== Supplied material

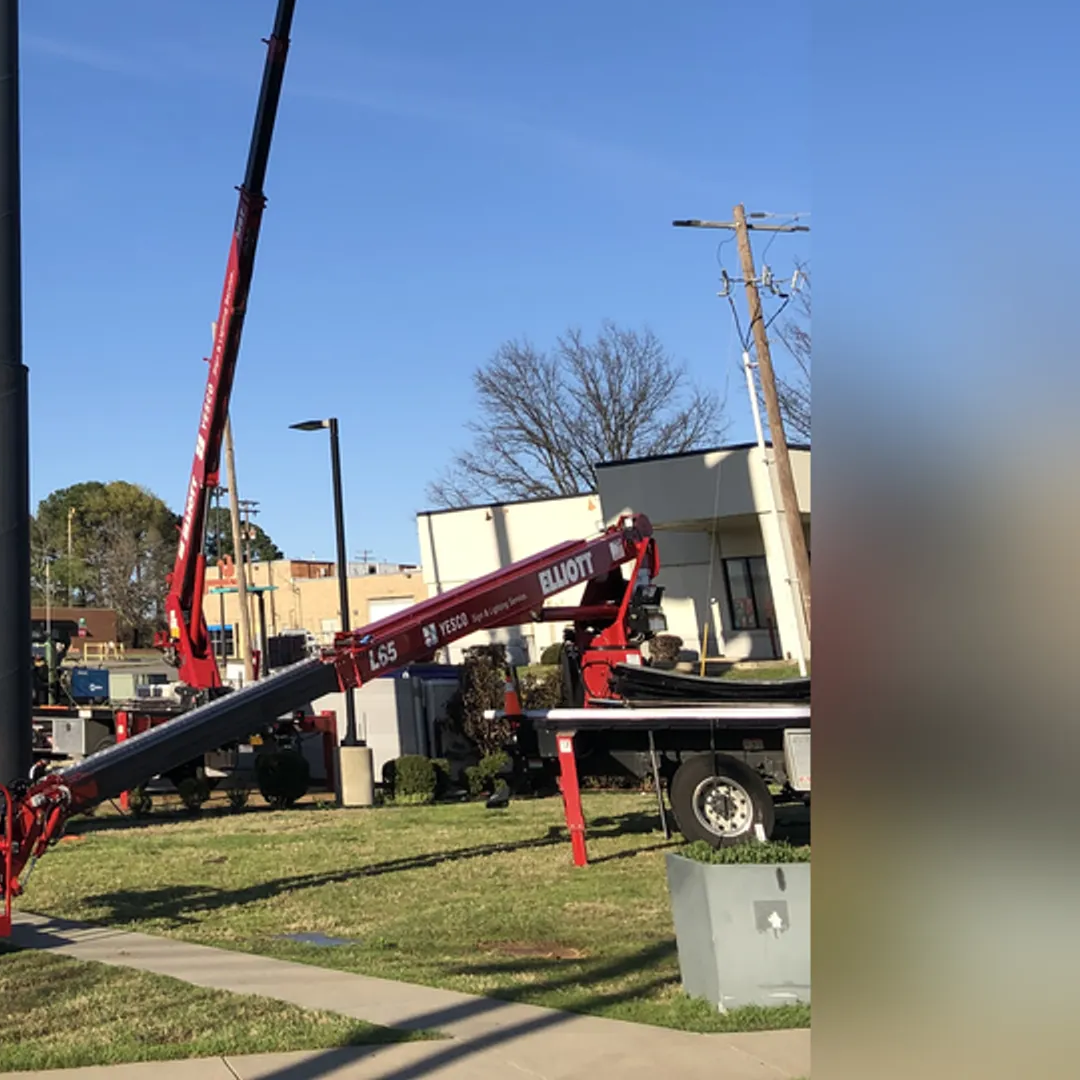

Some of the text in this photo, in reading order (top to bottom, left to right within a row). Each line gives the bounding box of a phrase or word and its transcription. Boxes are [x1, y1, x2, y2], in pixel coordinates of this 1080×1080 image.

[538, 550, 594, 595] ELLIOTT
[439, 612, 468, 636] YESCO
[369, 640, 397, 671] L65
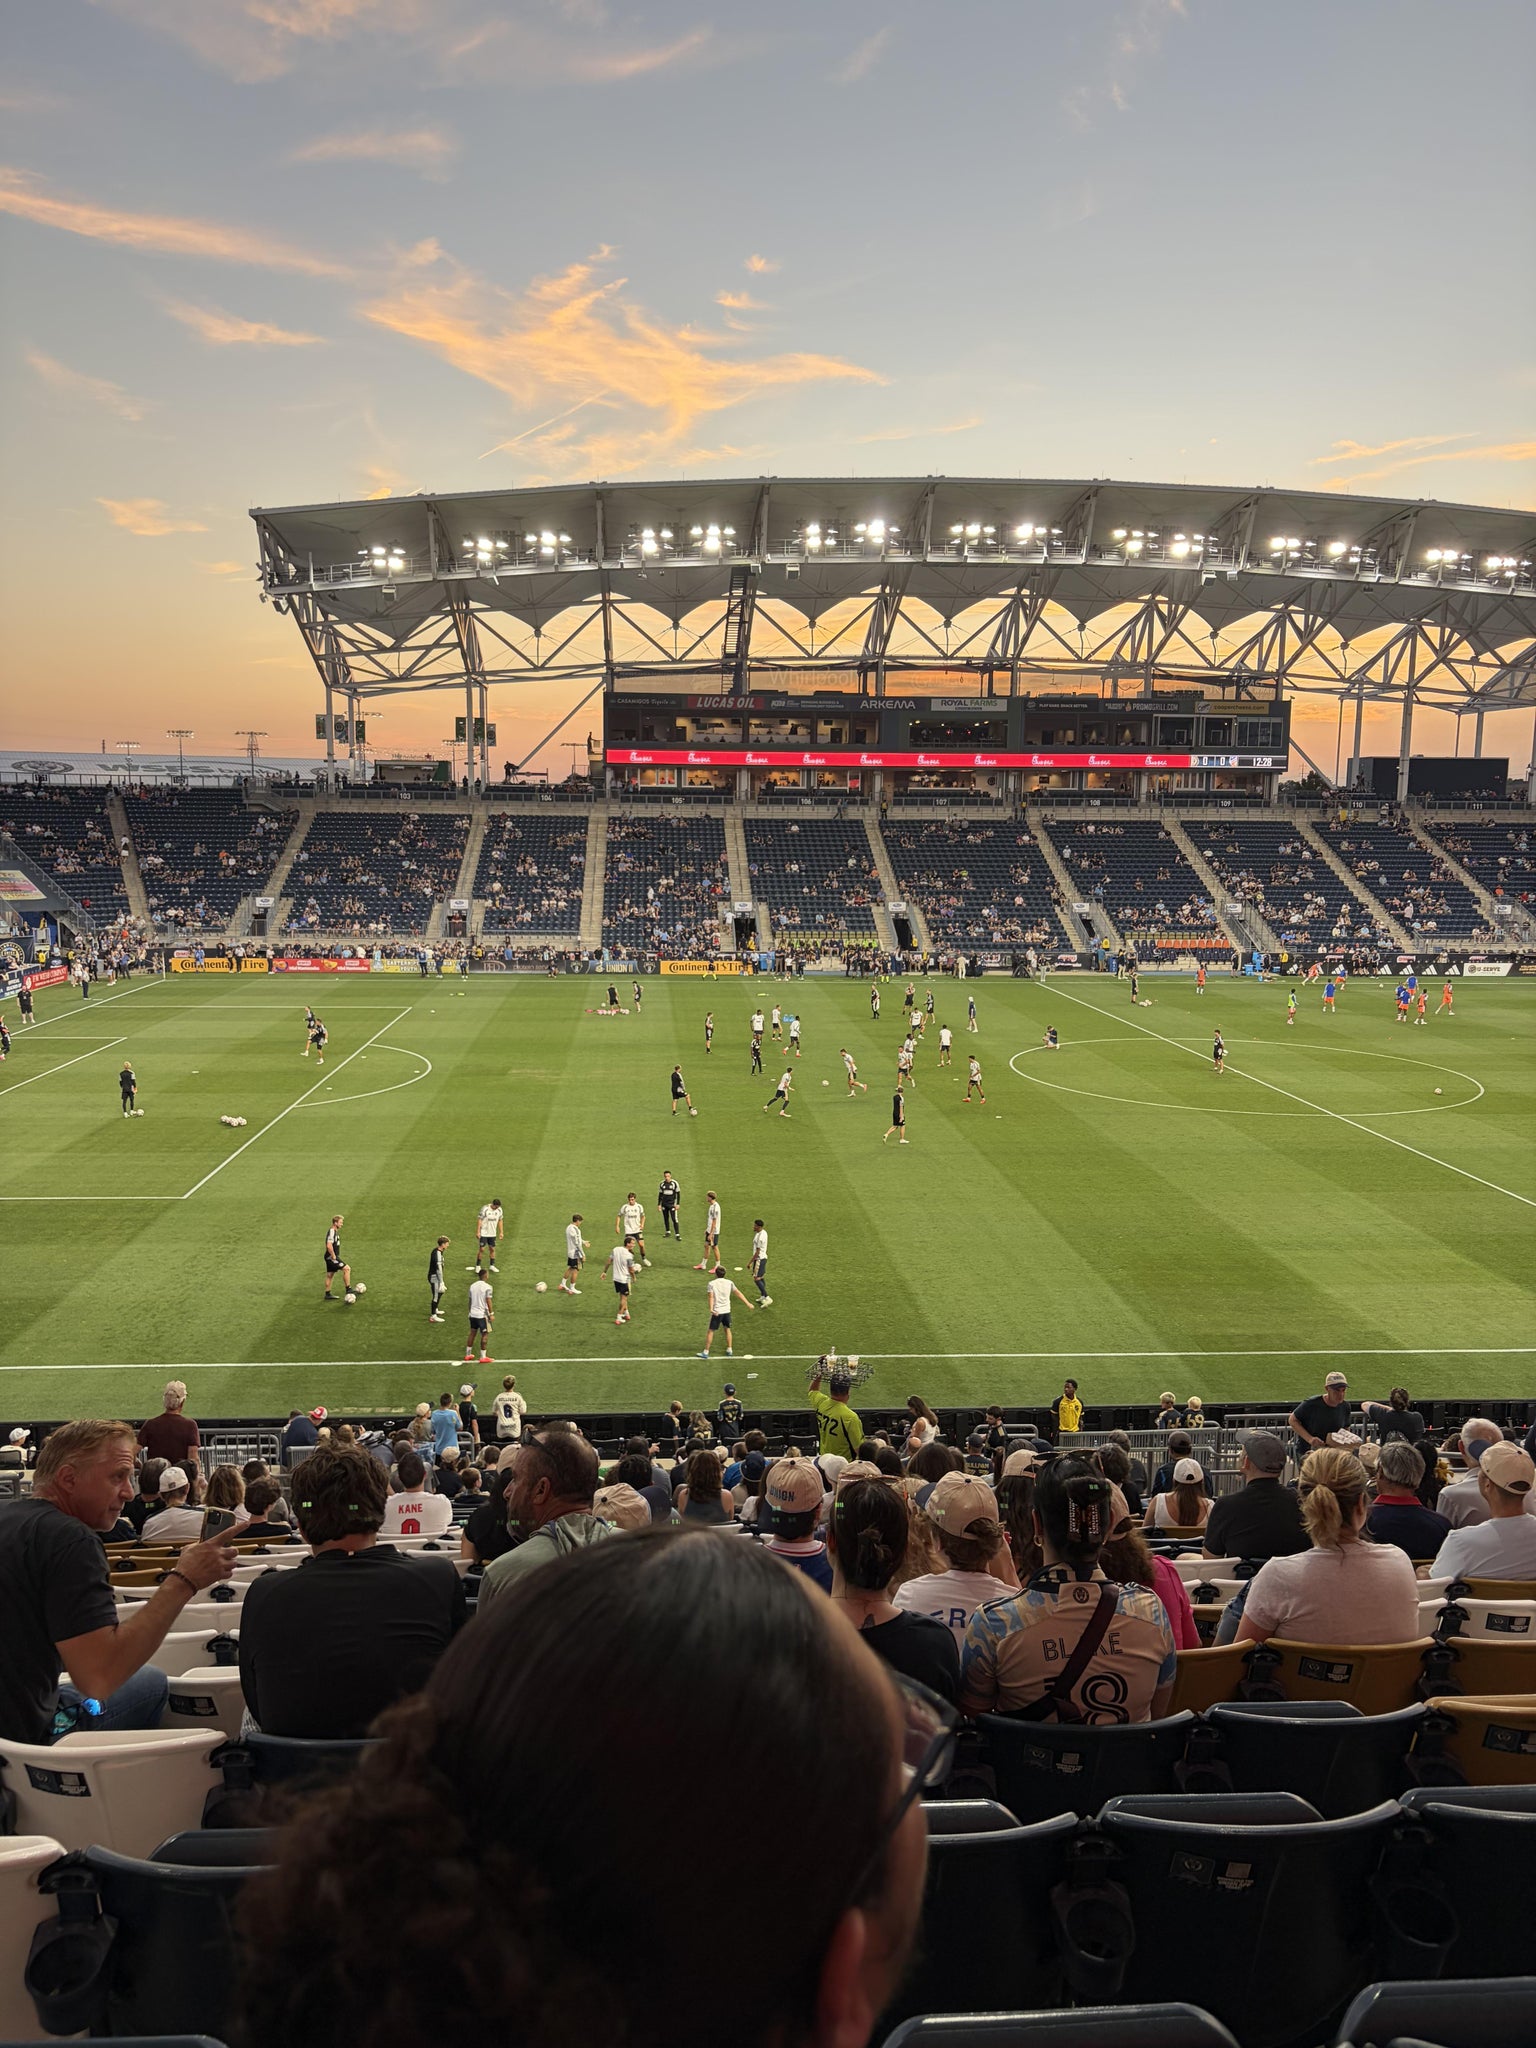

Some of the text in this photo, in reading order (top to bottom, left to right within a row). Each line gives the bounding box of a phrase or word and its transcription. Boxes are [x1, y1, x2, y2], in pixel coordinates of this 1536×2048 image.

====

## Problem to solve
What is needed is an exact output of the records above, with every picture left out.

## Answer space
Some of the text in this photo, in reading order (top to bottom, left to right within a row). Each line gives the bounding box of a phrase or word and its transcription. Boxes are [x1, y1, x2, y2], in pixel coordinates of this 1080×1080 image.

[538, 550, 594, 595] ELLIOTT
[439, 612, 468, 636] YESCO
[369, 640, 397, 671] L65

Some of the text in this photo, in reading order (top to bottom, left to right within a row). Each line gives the bounding box of a phrase or word and its transcription. Boxes are [x1, y1, x2, y2], in pixel coordinates of this 1536×2048 image.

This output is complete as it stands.